**Exercise**
Return an exact copy of the entries, skipping any picture you find.

**Material shown**
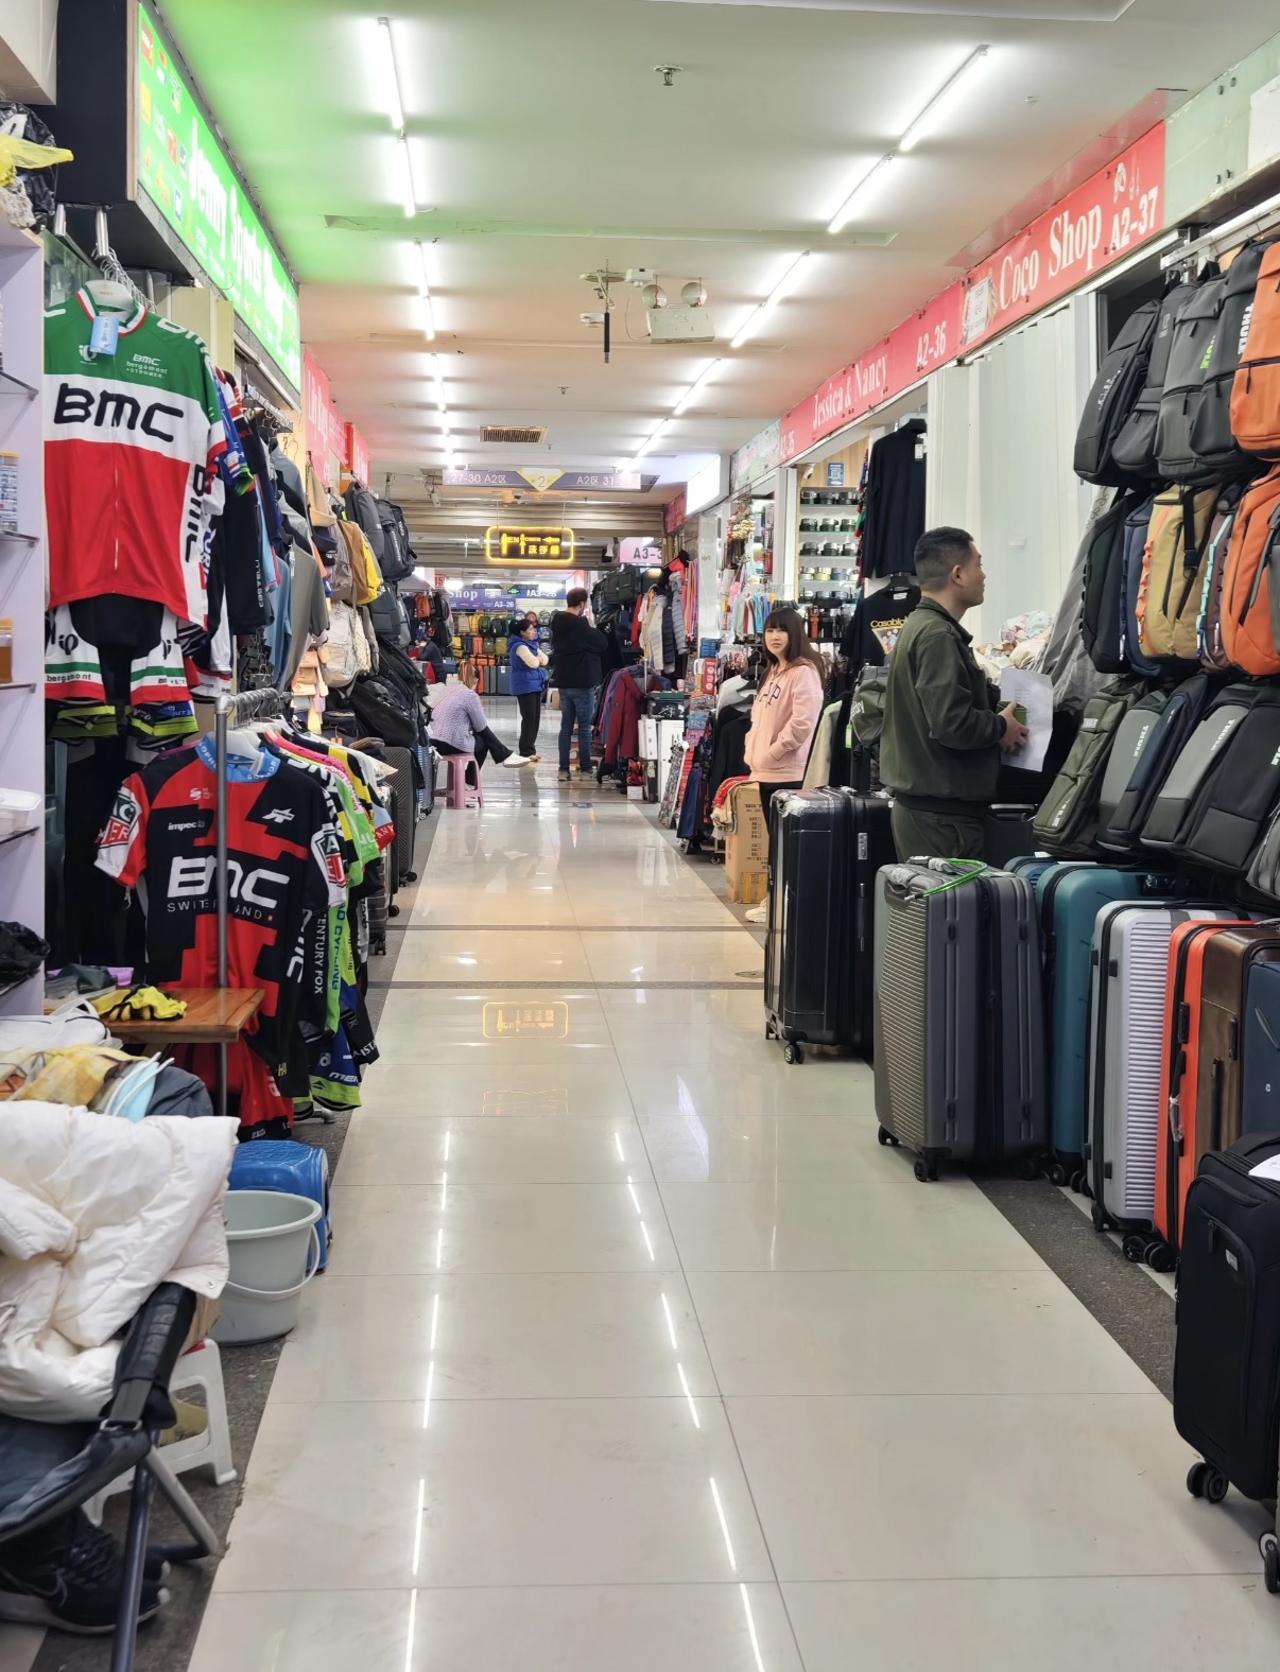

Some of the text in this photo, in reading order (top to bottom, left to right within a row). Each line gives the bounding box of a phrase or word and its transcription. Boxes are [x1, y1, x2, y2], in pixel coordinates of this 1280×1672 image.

[1109, 186, 1159, 255] A2-37
[1000, 250, 1040, 311] Coco
[1049, 204, 1102, 279] Shop
[915, 321, 947, 368] A2-36
[54, 383, 184, 443] BMC
[812, 381, 845, 431] Jessica
[855, 356, 888, 398] Nancy
[167, 855, 290, 909] BMC
[314, 914, 327, 994] ENTURY FOX
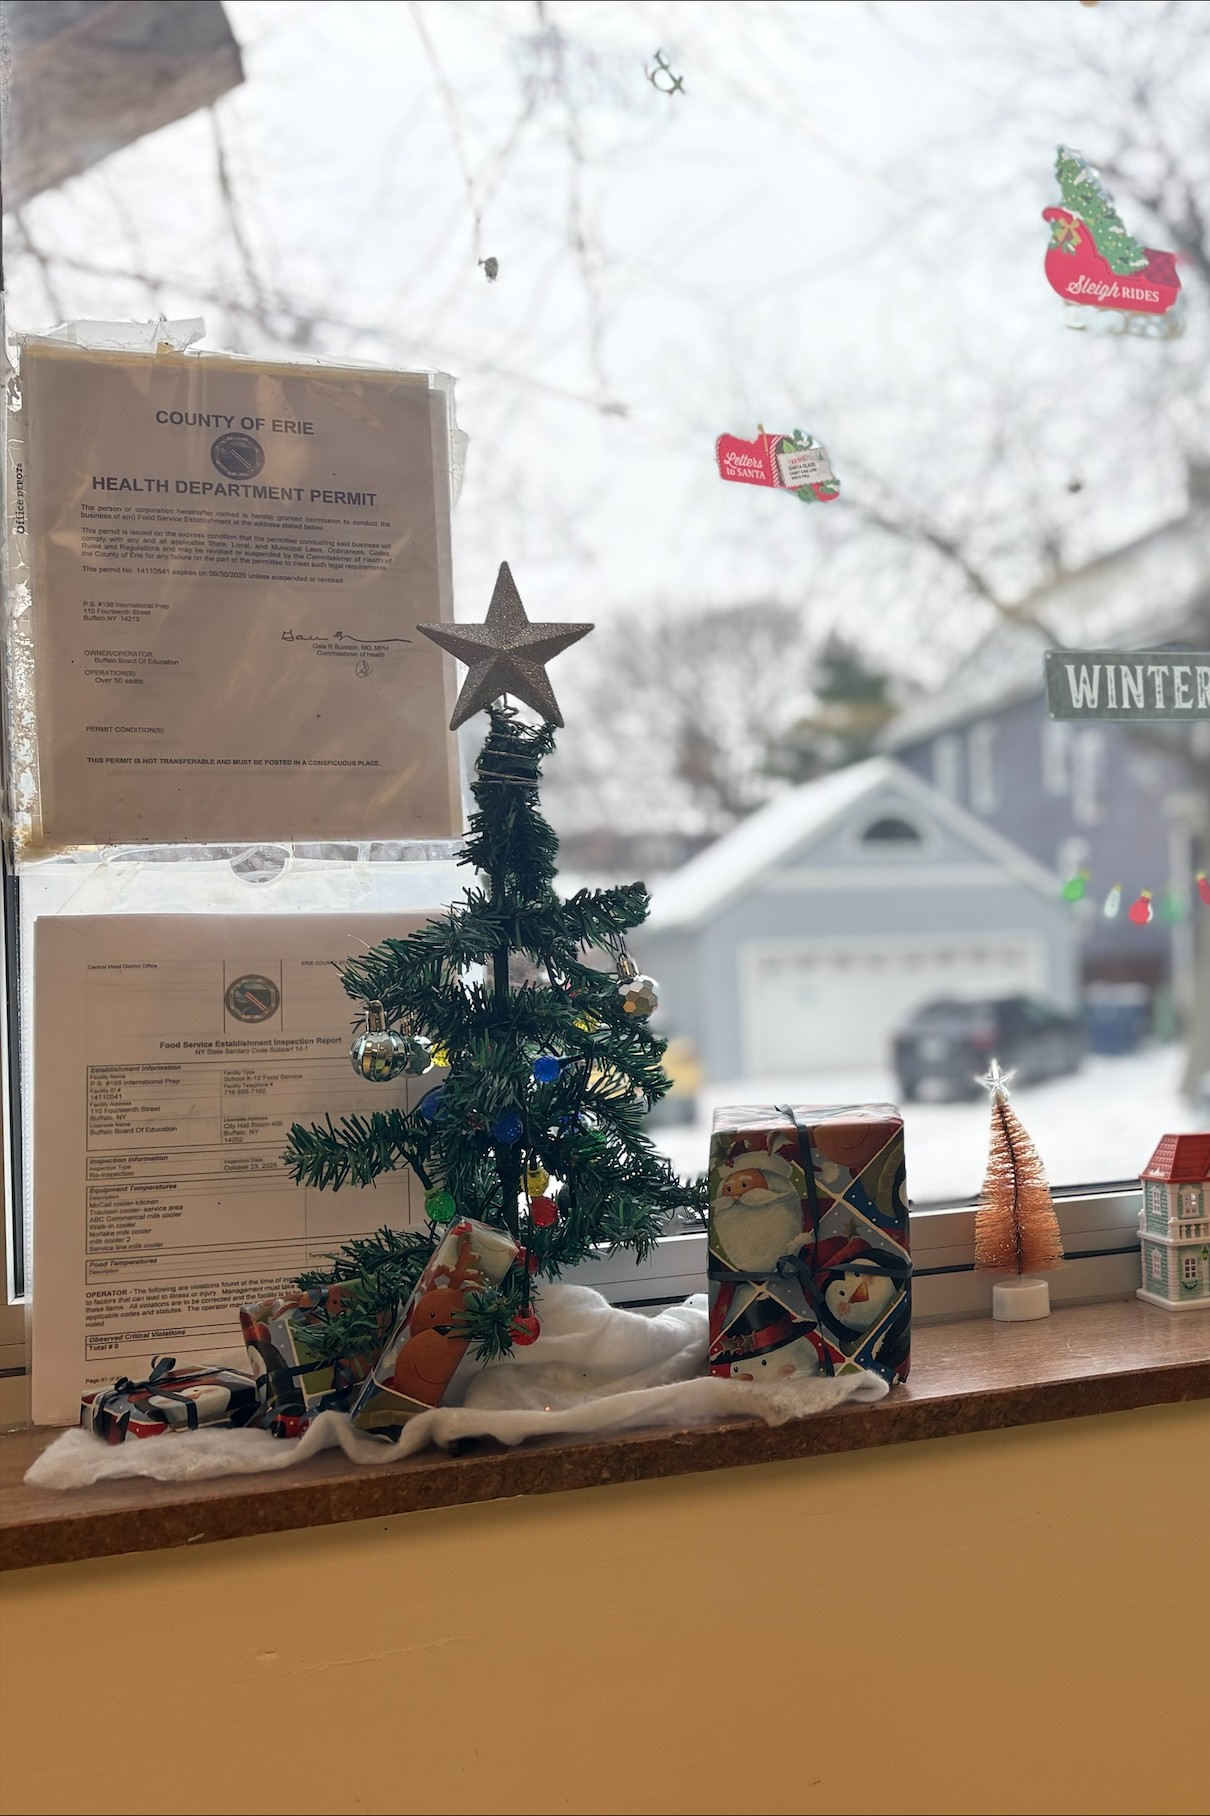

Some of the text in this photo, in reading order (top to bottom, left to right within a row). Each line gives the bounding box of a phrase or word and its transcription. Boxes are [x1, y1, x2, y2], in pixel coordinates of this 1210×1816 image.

**Response**
Some of the text in this photo, in reading order (top to bottom, left to right within a row). Each line gives the bounding box of a phrase or word and its transcription. Boxes are [x1, y1, x2, y2], in pixel coordinates of this 1280×1672 image.

[1109, 186, 1159, 255] A2-37
[1000, 250, 1040, 311] Coco
[1049, 204, 1102, 279] Shop
[915, 321, 947, 368] A2-36
[54, 383, 184, 443] BMC
[812, 381, 845, 431] Jessica
[855, 356, 888, 398] Nancy
[167, 855, 290, 909] BMC
[314, 914, 327, 994] ENTURY FOX

Some of the text in this photo, in reading order (top to bottom, left to right within a row). Each line gives the bounding box of a phrase or word and its transcription. Boxes are [x1, y1, x2, y2], in pixel coordinates of this 1210×1816 image.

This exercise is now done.